Aload opened a new issue, #5720:
URL: https://github.com/apache/hudi/issues/5720

   
   
   When I use Flink to consume kafka in real time and write to hudi MOR table, the configuration of the response is as follows:
   
   `  .option(FlinkOptions.READ_AS_STREAMING, true)
       .option(FlinkOptions.TABLE_TYPE, HoodieTableType.MERGE_ON_READ)
       //    .option(FlinkOptions.INSERT_CLUSTER, true)
       .option(FlinkOptions.READ_STREAMING_CHECK_INTERVAL, 60)
       //    .option(FlinkOptions.OPERATION, "insert")
       .option(FlinkOptions.BUCKET_ASSIGN_TASKS, taskParallelism)
       .option(FlinkOptions.WRITE_COMMIT_ACK_TIMEOUT, 20000L)
       .option(FlinkOptions.WRITE_PARQUET_MAX_FILE_SIZE, 128)
       .option(FlinkOptions.COMPACTION_MAX_MEMORY, 512)
       .option(FlinkOptions.WRITE_MERGE_MAX_MEMORY, 1024)
       .option(FlinkOptions.WRITE_TASK_MAX_SIZE, 2048D)
       .option(FlinkOptions.COMPACTION_MAX_MEMORY, 1024)
       .option(FlinkOptions.RETRY_INTERVAL_MS, 5000L)
       .option(FlinkOptions.RETRY_TIMES, 5)
       .option(FlinkOptions.WRITE_TASKS, 3 * taskParallelism)
       .option(FlinkOptions.READ_TASKS,4)
       .option(FlinkOptions.COMPACTION_TASKS, taskParallelism)
       .option(FlinkOptions.METADATA_ENABLED, false)
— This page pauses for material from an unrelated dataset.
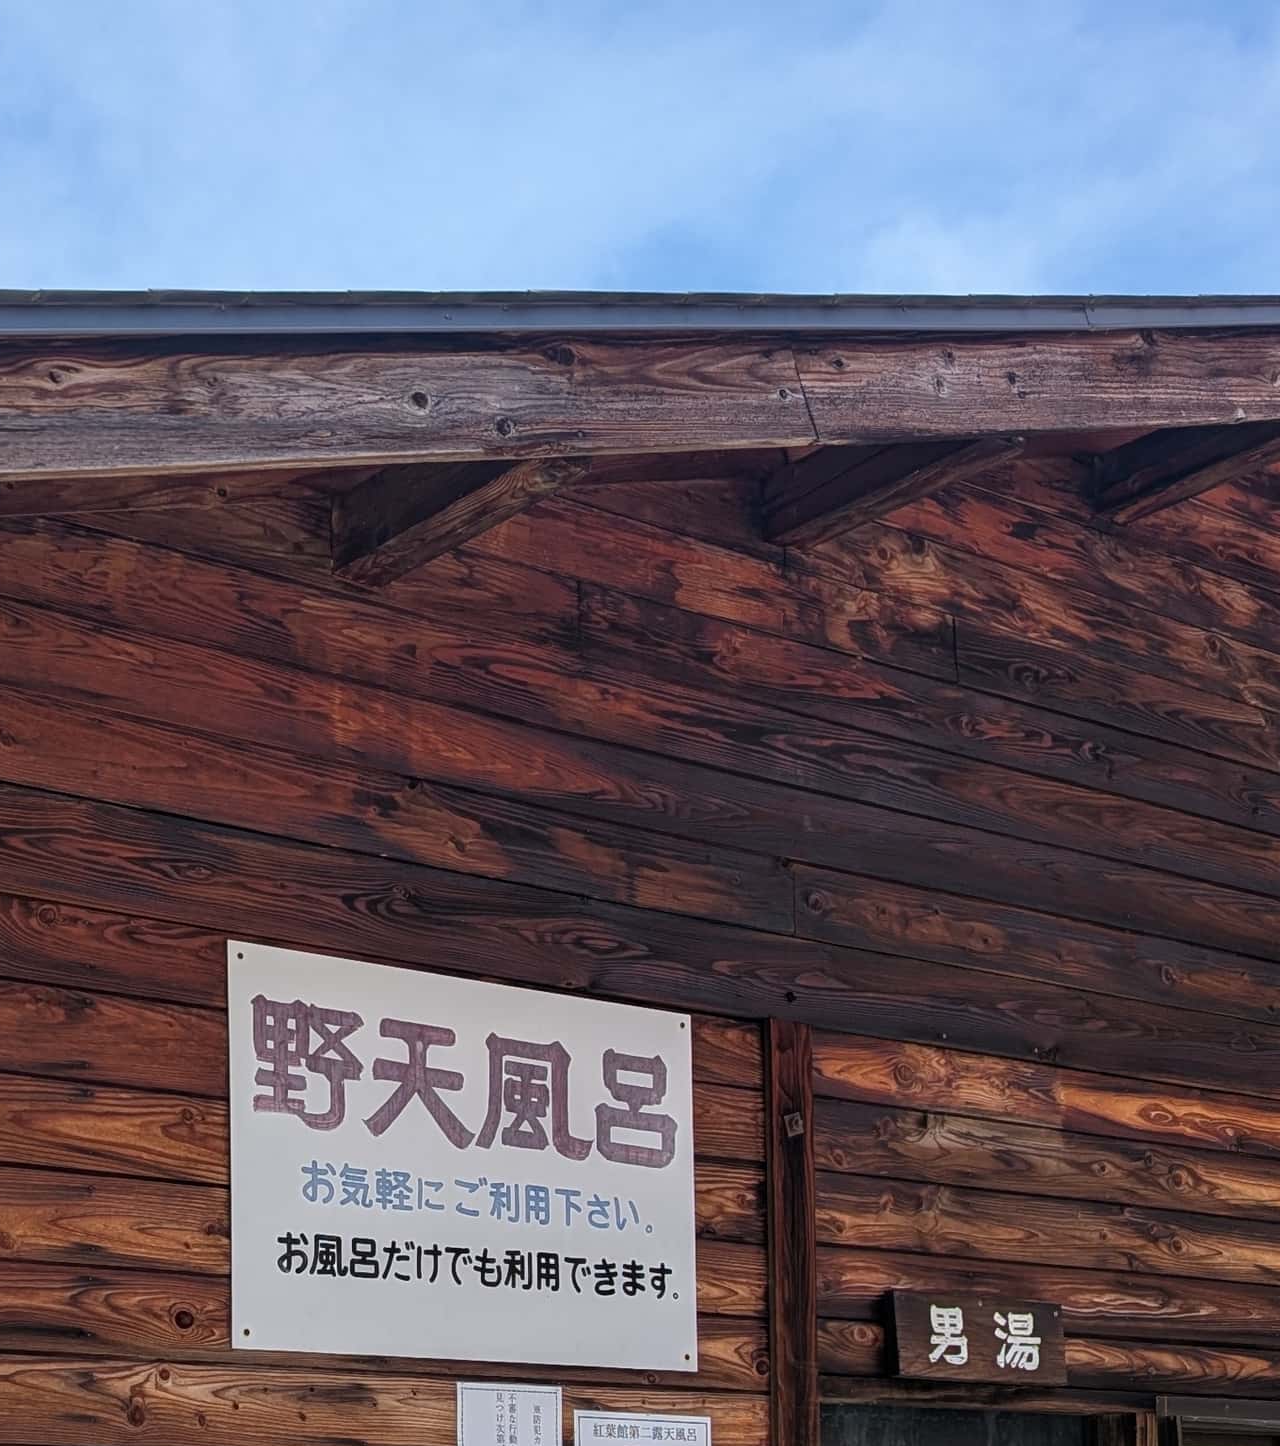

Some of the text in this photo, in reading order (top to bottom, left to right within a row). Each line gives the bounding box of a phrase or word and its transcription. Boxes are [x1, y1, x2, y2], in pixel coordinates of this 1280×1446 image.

       .option(FlinkOptions.WRITE_RATE_LIMIT, 5000) //写入速率限制开启,防止流量抖动、写入流畅
       .option(FlinkOptions.COMPACTION_ASYNC_ENABLED, true)
       .option(FlinkOptions.COMPACTION_DELTA_COMMITS, "5")
       .option(FlinkOptions.COMPACTION_TRIGGER_STRATEGY, "num_commits")
       .option(FlinkOptions.COMPACTION_TIMEOUT_SECONDS, 5 * 60 * 60)
       .option(FlinkOptions.HIVE_SYNC_DB, sinkDbName)
       .option(FlinkOptions.HIVE_SYNC_TABLE, sinkTableName)
       .option(FlinkOptions.HIVE_SYNC_ENABLED, true)
       .option(FlinkOptions.HIVE_SYNC_MODE, "HMS")
       .option(FlinkOptions.HIVE_SYNC_METASTORE_URIS, "thrift://hdp05:9083")
       .option(FlinkOptions.HIVE_SYNC_JDBC_URL, "jdbc:hive2://hdp05:10000")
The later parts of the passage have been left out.